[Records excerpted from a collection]

■ ■ ■

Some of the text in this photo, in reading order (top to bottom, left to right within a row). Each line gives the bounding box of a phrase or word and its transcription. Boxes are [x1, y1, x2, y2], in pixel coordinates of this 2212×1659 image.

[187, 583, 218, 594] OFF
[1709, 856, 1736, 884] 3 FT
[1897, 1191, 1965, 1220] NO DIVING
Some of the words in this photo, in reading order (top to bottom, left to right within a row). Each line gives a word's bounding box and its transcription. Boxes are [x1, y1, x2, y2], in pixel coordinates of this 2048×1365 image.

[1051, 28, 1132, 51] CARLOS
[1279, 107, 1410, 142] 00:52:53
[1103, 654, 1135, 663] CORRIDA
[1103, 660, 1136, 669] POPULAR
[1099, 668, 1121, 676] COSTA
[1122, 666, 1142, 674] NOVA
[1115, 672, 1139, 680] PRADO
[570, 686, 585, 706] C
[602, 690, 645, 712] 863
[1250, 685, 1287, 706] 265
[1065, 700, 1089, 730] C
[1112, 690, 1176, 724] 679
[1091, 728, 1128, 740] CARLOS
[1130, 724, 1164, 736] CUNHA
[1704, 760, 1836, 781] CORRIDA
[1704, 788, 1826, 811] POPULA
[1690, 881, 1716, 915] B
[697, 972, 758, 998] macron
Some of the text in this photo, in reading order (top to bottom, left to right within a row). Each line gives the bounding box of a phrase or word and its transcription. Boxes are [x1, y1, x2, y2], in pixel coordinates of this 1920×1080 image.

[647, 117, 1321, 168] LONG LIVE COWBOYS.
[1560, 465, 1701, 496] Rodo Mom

■ ■ ■

Write the data above out again in full, exactly.

Some of the text in this photo, in reading order (top to bottom, left to right within a row). Each line gives the bounding box of a phrase or word and its transcription. Boxes are [x1, y1, x2, y2], in pixel coordinates of this 2212×1659 image.

[187, 583, 218, 594] OFF
[1709, 856, 1736, 884] 3 FT
[1897, 1191, 1965, 1220] NO DIVING
Some of the words in this photo, in reading order (top to bottom, left to right within a row). Each line gives a word's bounding box and its transcription. Boxes are [x1, y1, x2, y2], in pixel coordinates of this 2048×1365 image.

[1051, 28, 1132, 51] CARLOS
[1279, 107, 1410, 142] 00:52:53
[1103, 654, 1135, 663] CORRIDA
[1103, 660, 1136, 669] POPULAR
[1099, 668, 1121, 676] COSTA
[1122, 666, 1142, 674] NOVA
[1115, 672, 1139, 680] PRADO
[570, 686, 585, 706] C
[602, 690, 645, 712] 863
[1250, 685, 1287, 706] 265
[1065, 700, 1089, 730] C
[1112, 690, 1176, 724] 679
[1091, 728, 1128, 740] CARLOS
[1130, 724, 1164, 736] CUNHA
[1704, 760, 1836, 781] CORRIDA
[1704, 788, 1826, 811] POPULA
[1690, 881, 1716, 915] B
[697, 972, 758, 998] macron
Some of the text in this photo, in reading order (top to bottom, left to right within a row). Each line gives the bounding box of a phrase or word and its transcription. Boxes are [x1, y1, x2, y2], in pixel coordinates of this 1920×1080 image.

[647, 117, 1321, 168] LONG LIVE COWBOYS.
[1560, 465, 1701, 496] Rodo Mom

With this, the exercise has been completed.